◆ **WHAT IS REQUIRED**
All of the data is to be written out again exactly, without the pictures.
======== DATA FOR THE TASK
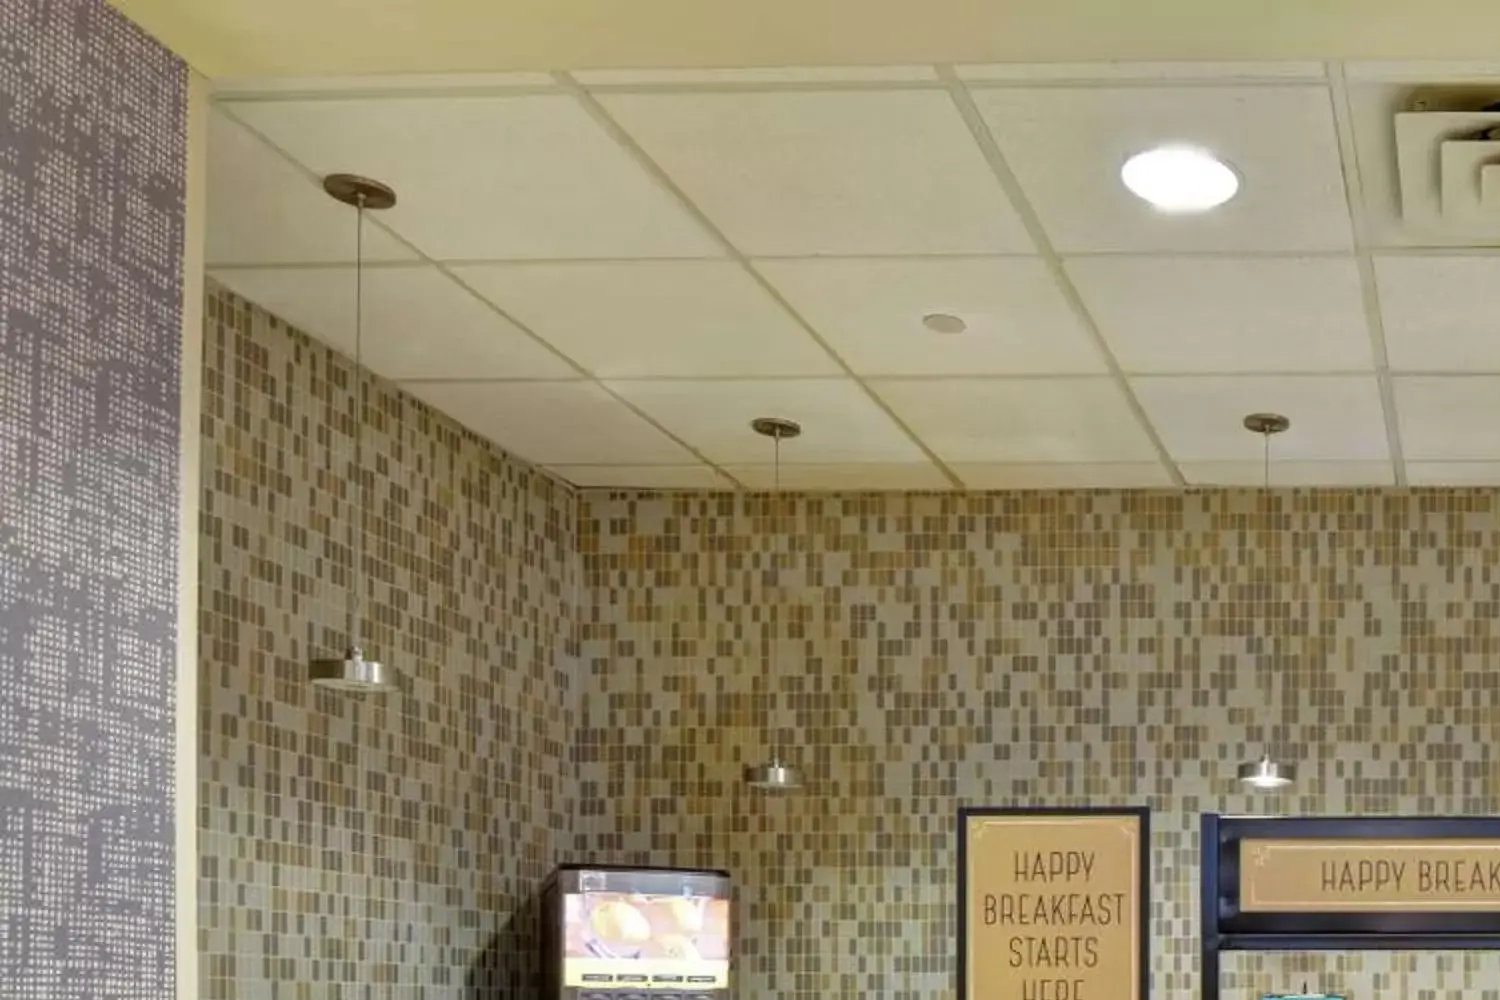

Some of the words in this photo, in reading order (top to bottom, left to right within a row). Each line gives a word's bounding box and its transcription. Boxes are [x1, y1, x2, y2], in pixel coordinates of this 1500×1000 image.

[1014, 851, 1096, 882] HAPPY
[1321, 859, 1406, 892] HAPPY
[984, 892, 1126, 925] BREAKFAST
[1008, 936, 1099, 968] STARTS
================
◆ **ANSWER FOR THE TASK**
Some of the words in this photo, in reading order (top to bottom, left to right within a row). Each line gives a word's bounding box and its transcription. Boxes are [x1, y1, x2, y2], in pixel coordinates of this 1500×1000 image.

[1014, 851, 1096, 882] HAPPY
[1321, 859, 1406, 892] HAPPY
[984, 892, 1126, 925] BREAKFAST
[1008, 936, 1099, 968] STARTS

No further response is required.